Defense Secretary Lloyd Austin will recommend to President Joe Biden that the military remove commanders from investigating sexual assault claims, AP reported Tuesday night. DOD has long opposed such a change.
“As I made clear on my first full day in office, this is a leadership issue. And we will lead,” Austin said, according to AP. “Our people depend upon it. They deserve nothing less.”
But most Pentagon officials still seem wary of reforms that would impact charges beyond sexual assault.
Sen. Jim Inhofe (R-Okla.), the top Armed Services Republican, released individual letters from the military branch chiefs about reform efforts by Sen. Kirsten Gillibrand (D-N.Y.) and others.
“Their answers were, across the board, not reassuring,” Inhofe said in a press release that includes links to the officials’ individual letters.

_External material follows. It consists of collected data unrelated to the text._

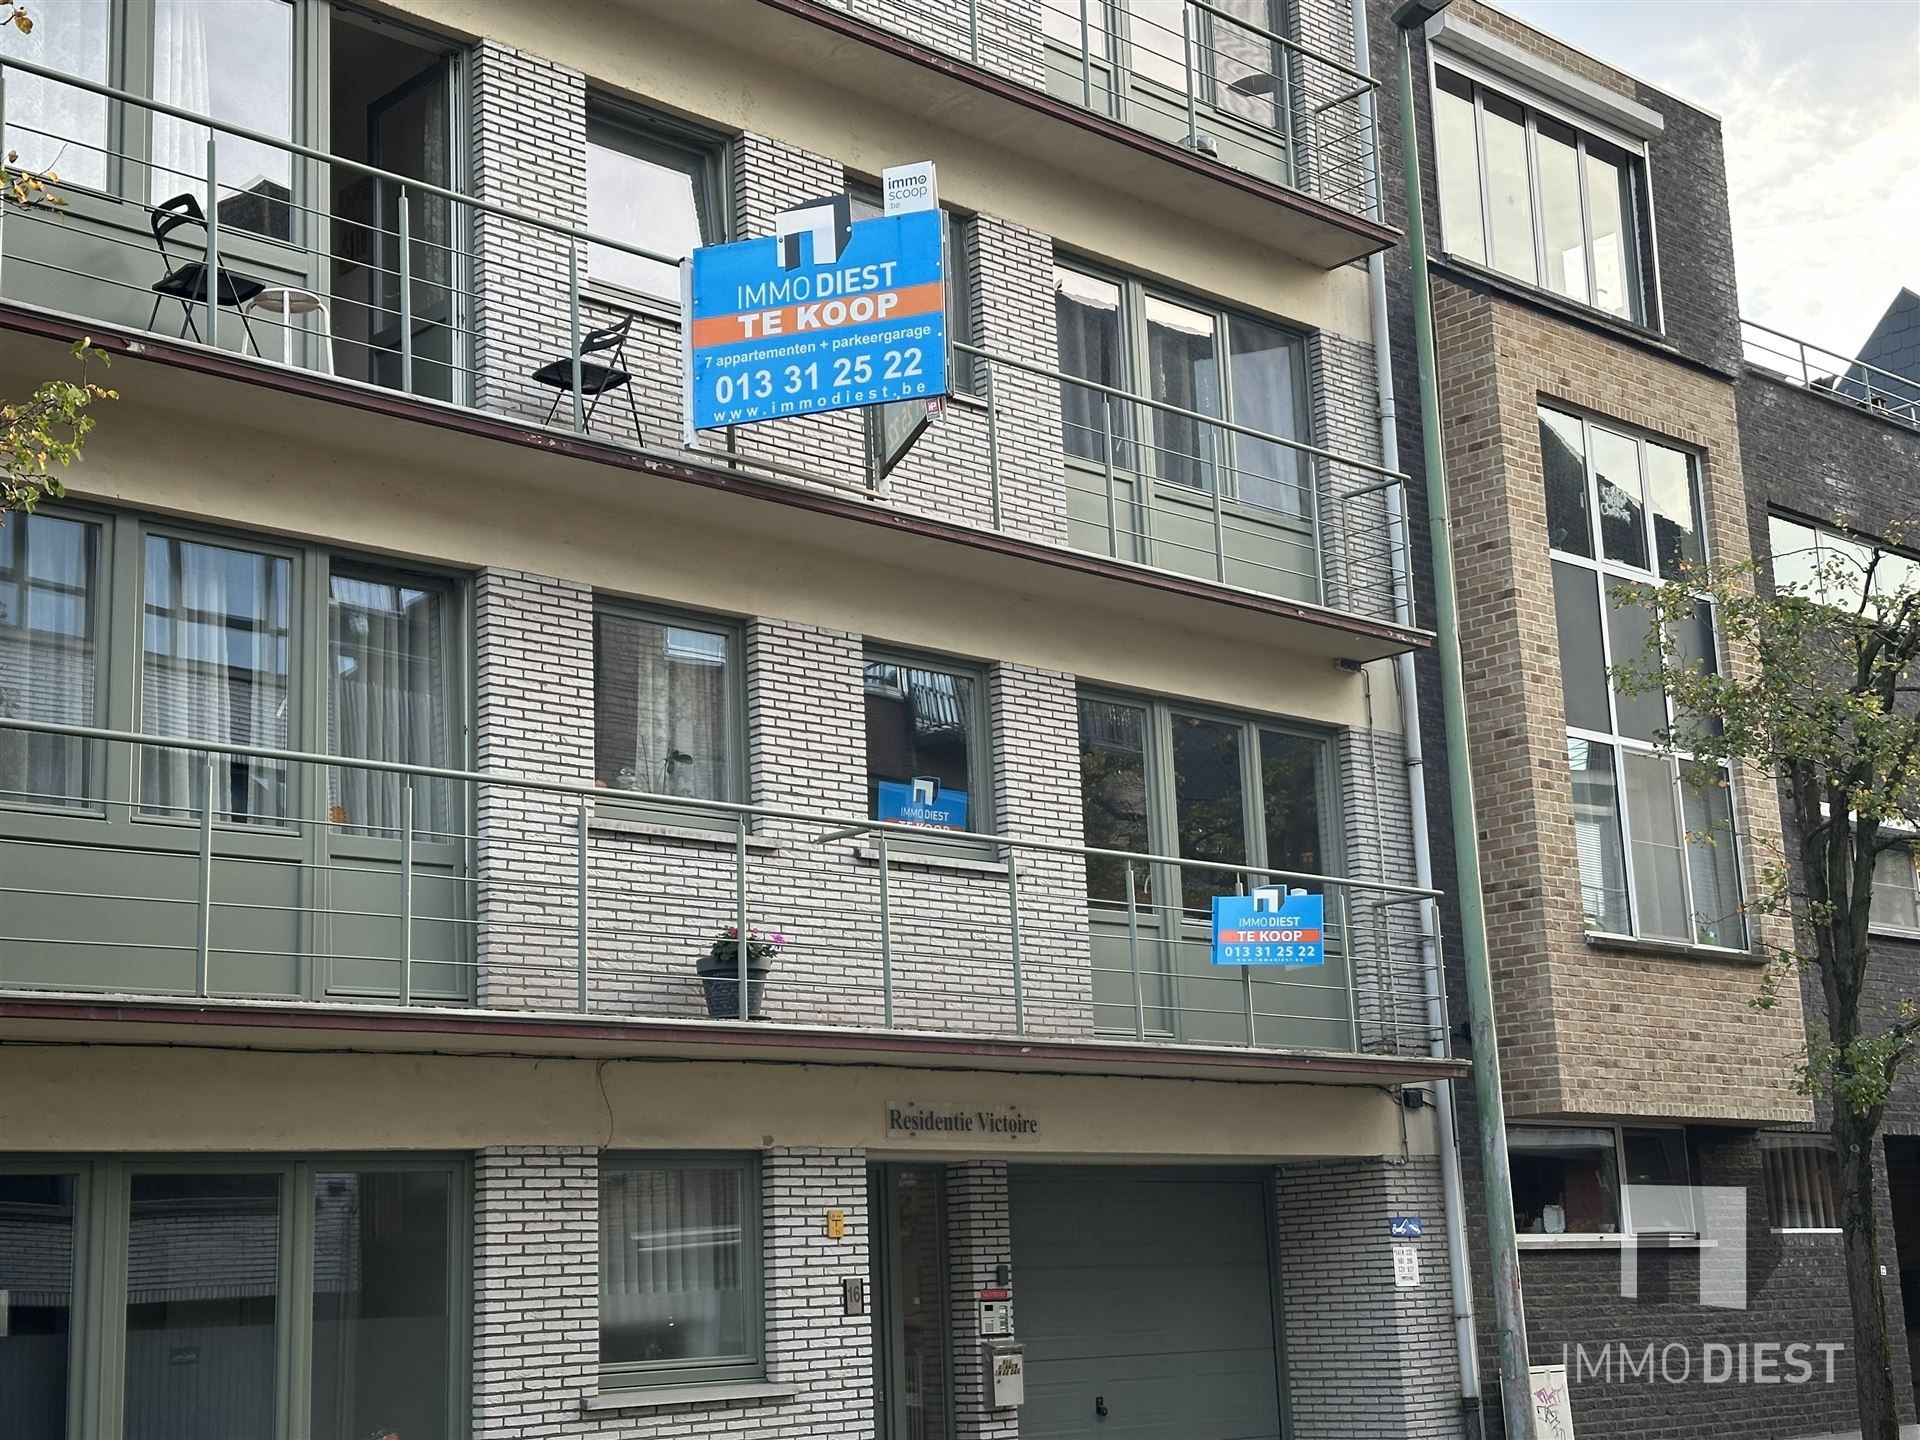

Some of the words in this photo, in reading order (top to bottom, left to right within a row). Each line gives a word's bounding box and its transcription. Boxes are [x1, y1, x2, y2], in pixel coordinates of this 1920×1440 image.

[888, 186, 928, 200] scoop
[738, 276, 810, 309] IMMO
[816, 261, 897, 298] DIEST
[737, 310, 783, 338] TE
[796, 293, 898, 331] KOOP
[704, 356, 712, 368] 7
[716, 341, 816, 368] appartementen
[832, 324, 932, 352] parkeergarage
[715, 369, 772, 404] 013
[784, 362, 818, 394] 31
[832, 354, 872, 388] 25
[882, 348, 922, 380] 22
[714, 382, 926, 422] www.immodiest.be
[924, 809, 950, 821] DIEST
[1268, 916, 1300, 927] DIEST
[1237, 930, 1256, 942] TE
[1260, 930, 1302, 942] KOOP
[1225, 946, 1250, 957] 013
[1255, 946, 1270, 957] 31
[1276, 946, 1294, 957] 25
[1298, 946, 1315, 957] 22
[889, 1109, 973, 1132] Residentie
[976, 1112, 1038, 1134] Victoire
[848, 1286, 860, 1303] 16

Even among the Joint Chiefs, however, there is an openness to narrow reforms.
“In the specific and limited circumstance of sexual assault, I remain open-minded to all solutions,” Joint Chiefs Chair Gen. Mark Milley wrote in his letter to Inhofe, echoing comments he has made recently after being long opposed to such a change in sexual assault prosecutions.
Gillibrand’s broader justice reform bill has enough support to pass the Senate, but leaders have resisted bringing it to the floor.